- WORK TASK -
The records below are to be copied word for word, with every picture left out.

┄┄┄┄┄┄

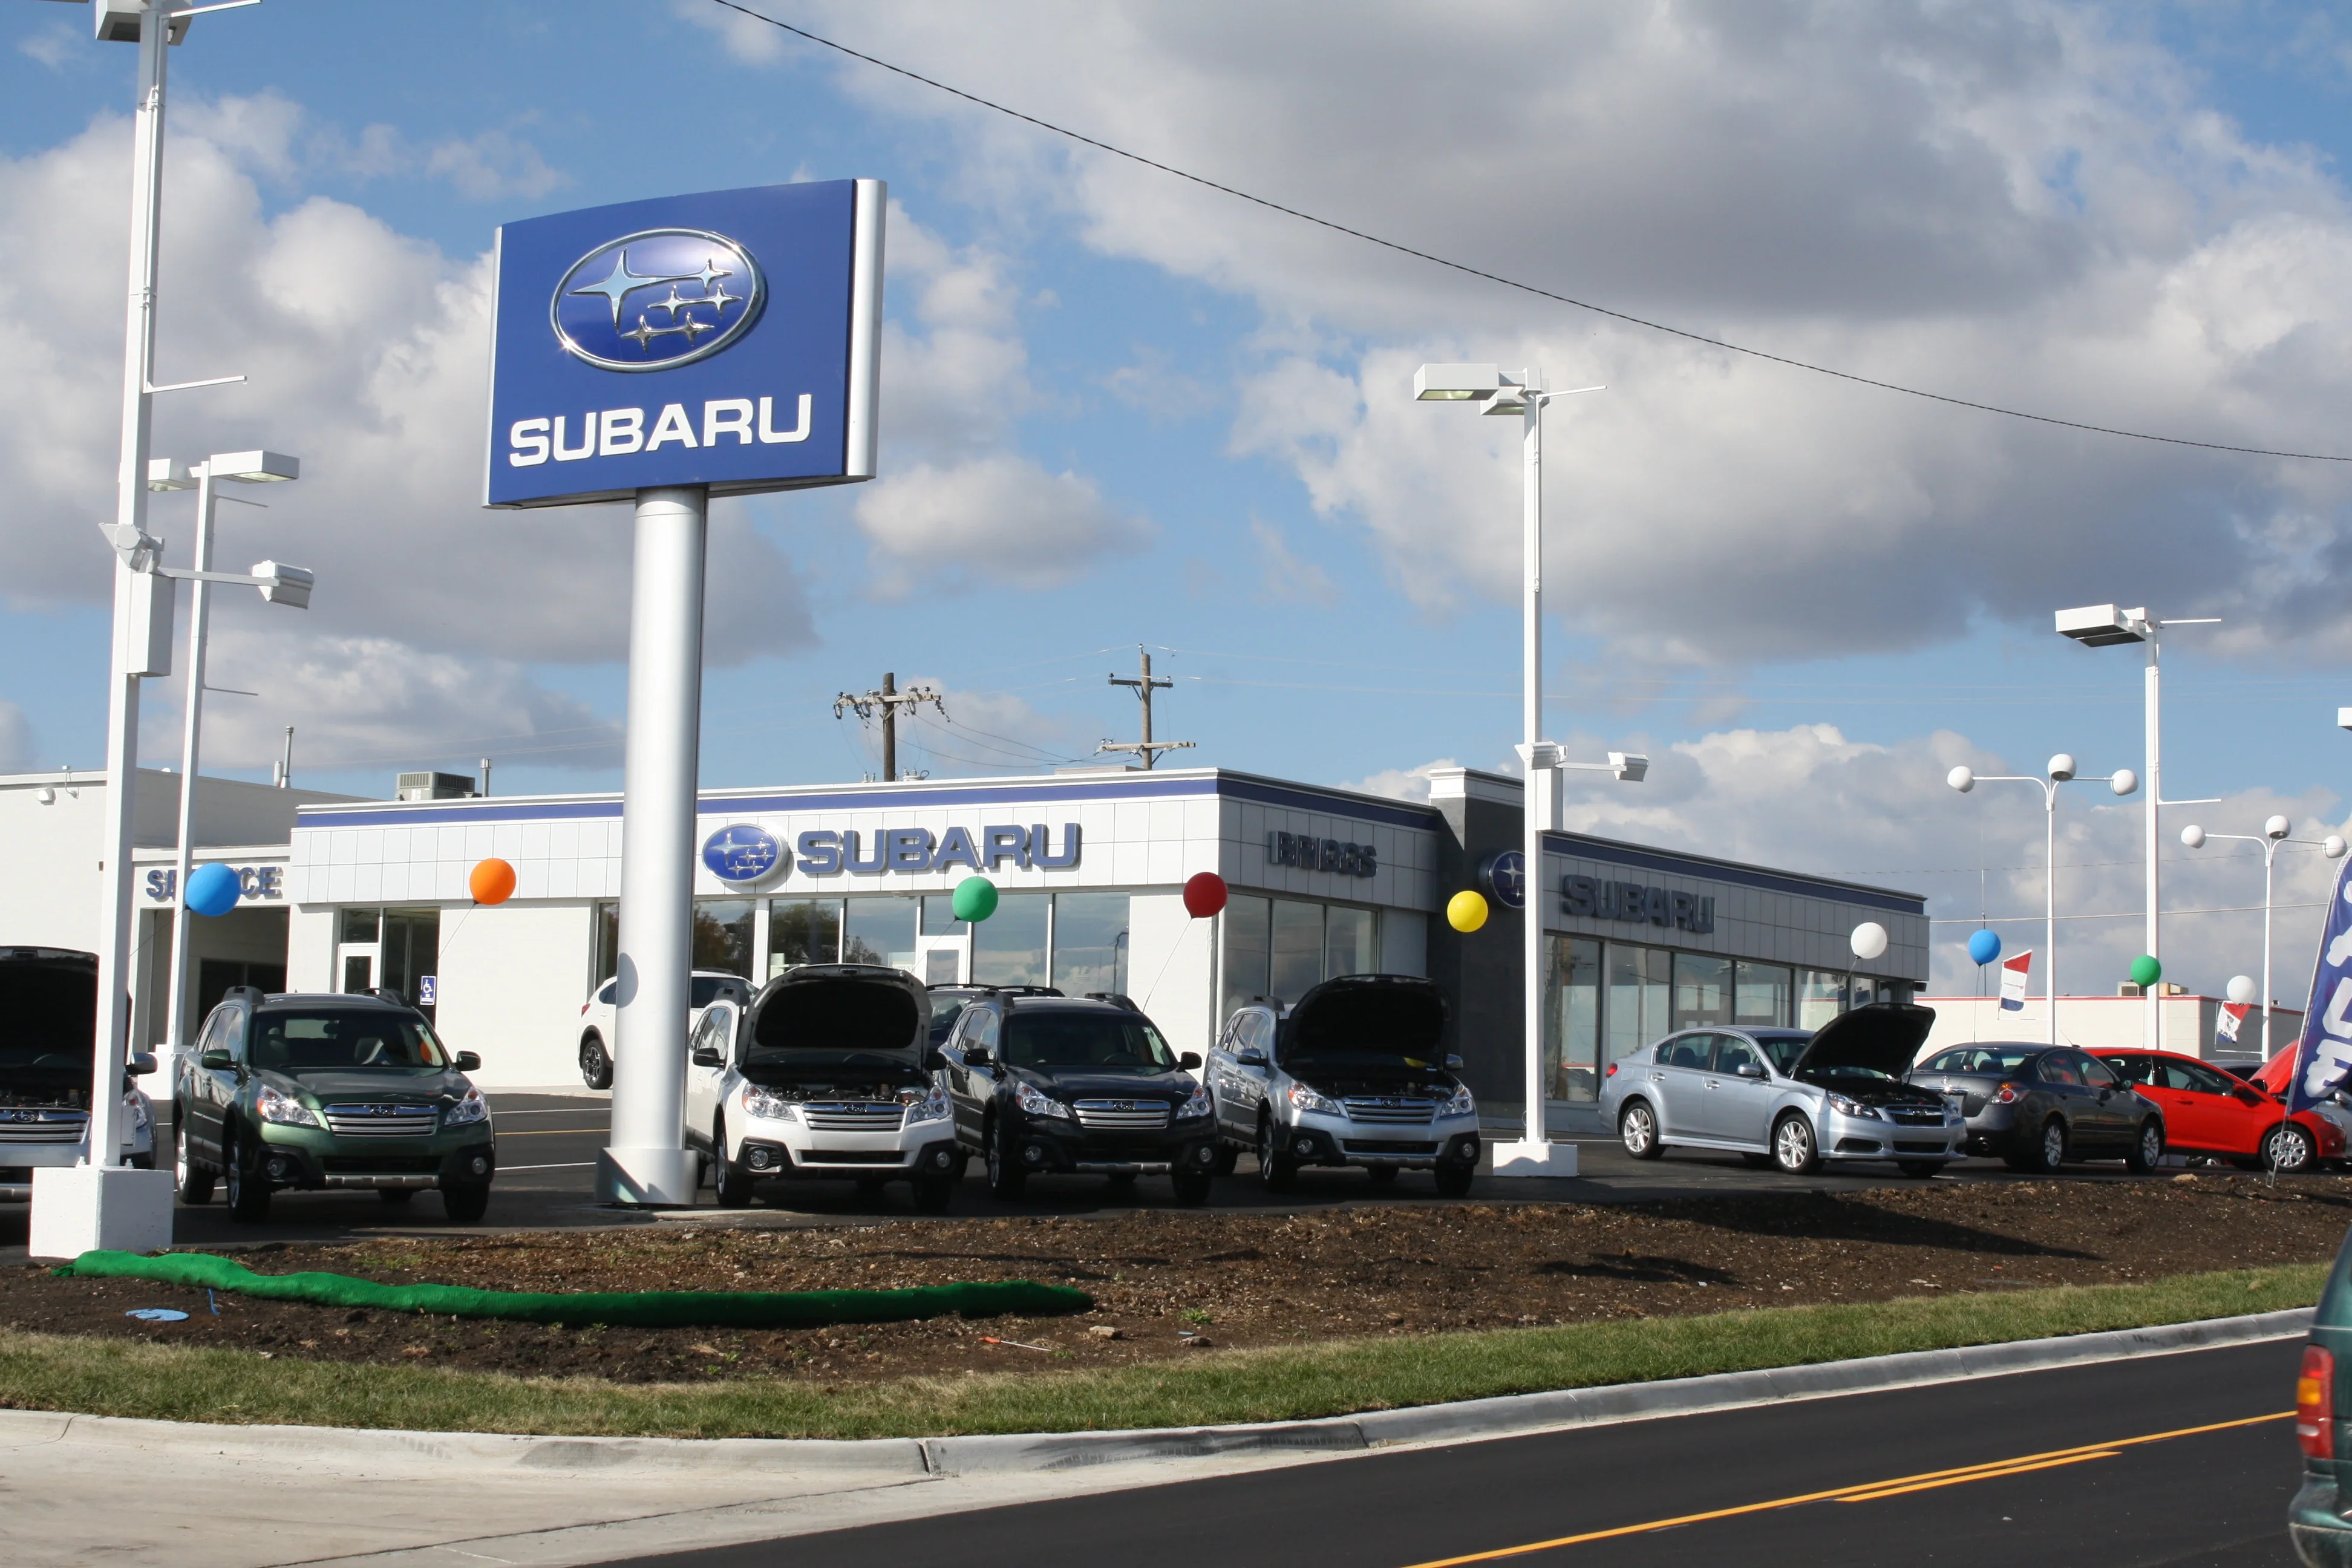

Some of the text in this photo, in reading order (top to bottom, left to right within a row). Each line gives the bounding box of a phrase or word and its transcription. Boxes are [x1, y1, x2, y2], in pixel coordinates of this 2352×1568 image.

[509, 394, 812, 468] SUBARU
[797, 822, 1081, 874] SUBARU
[1270, 831, 1377, 878] BRIGGS
[1562, 874, 1716, 933] SUBARU
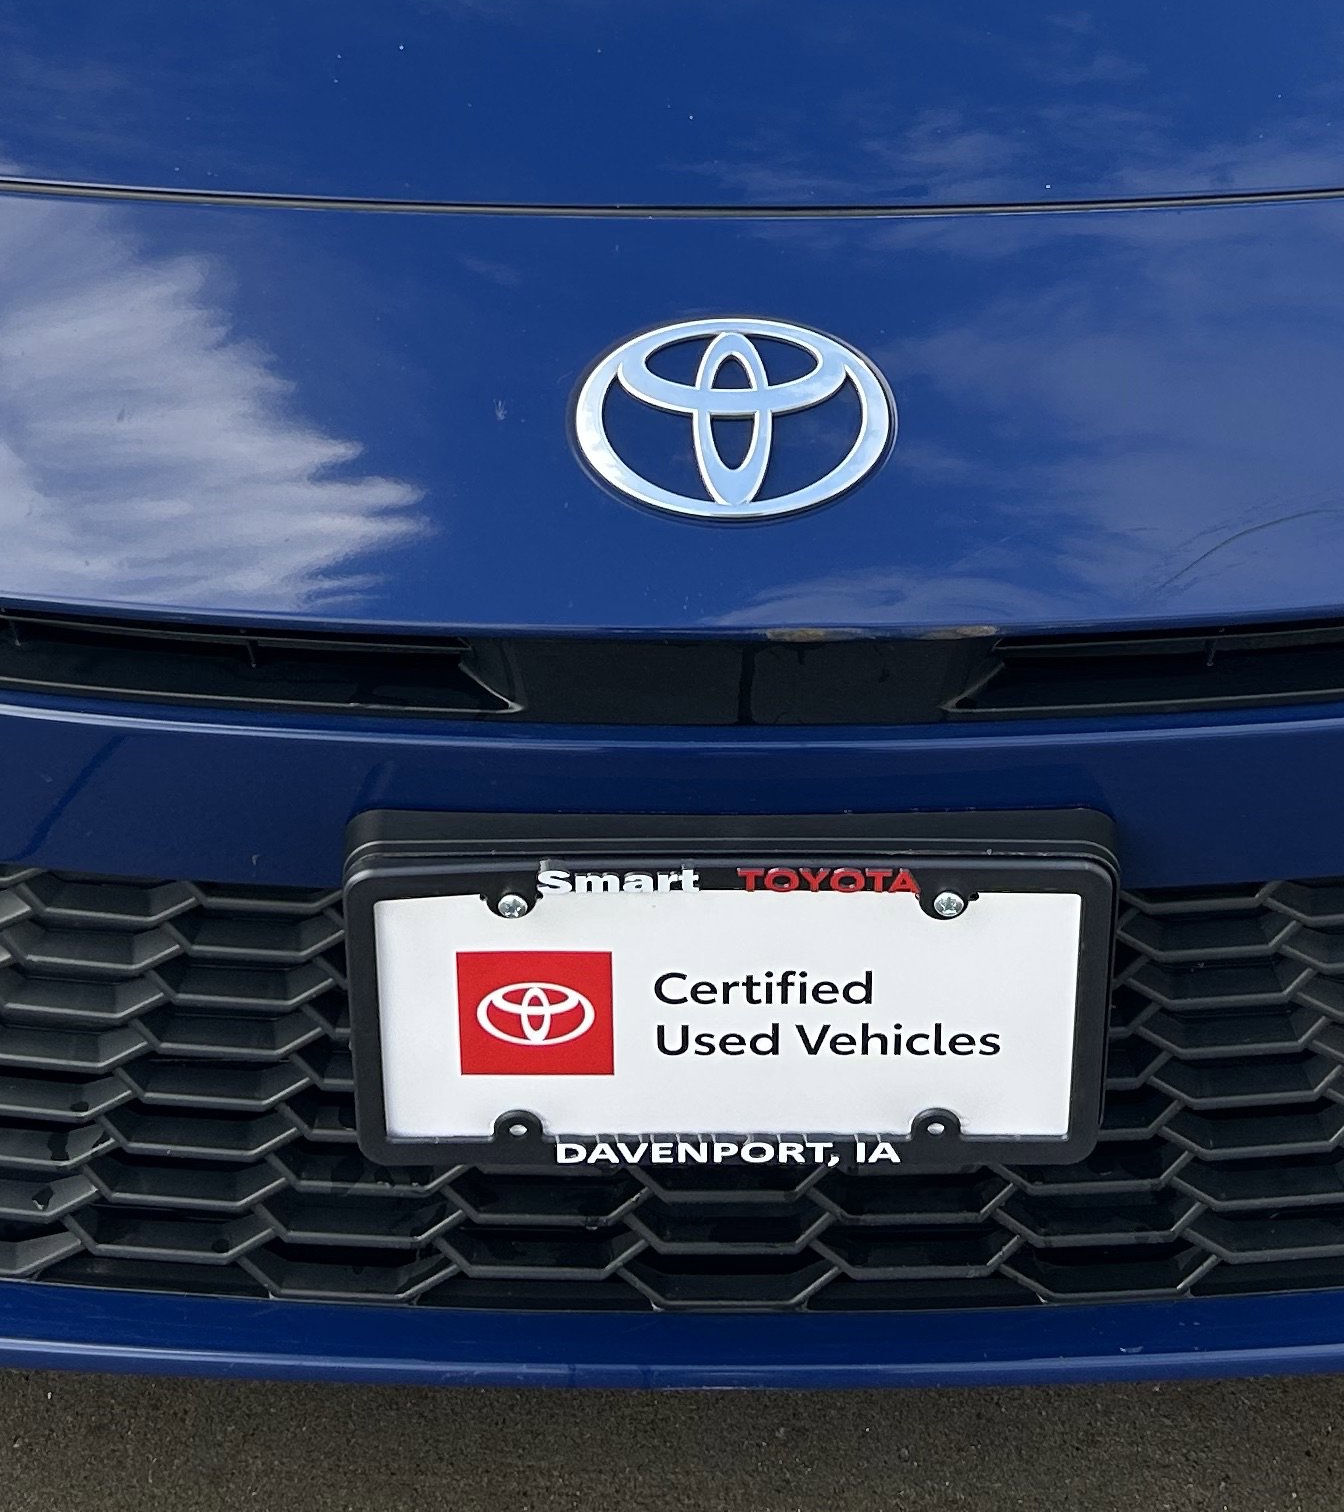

┄┄┄┄┄┄

- ANSWER SECTION -
Some of the text in this photo, in reading order (top to bottom, left to right within a row). Each line gives the bounding box of a phrase or word and its transcription. Boxes are [x1, y1, x2, y2], in pixel coordinates of this 2352×1568 image.

[509, 394, 812, 468] SUBARU
[797, 822, 1081, 874] SUBARU
[1270, 831, 1377, 878] BRIGGS
[1562, 874, 1716, 933] SUBARU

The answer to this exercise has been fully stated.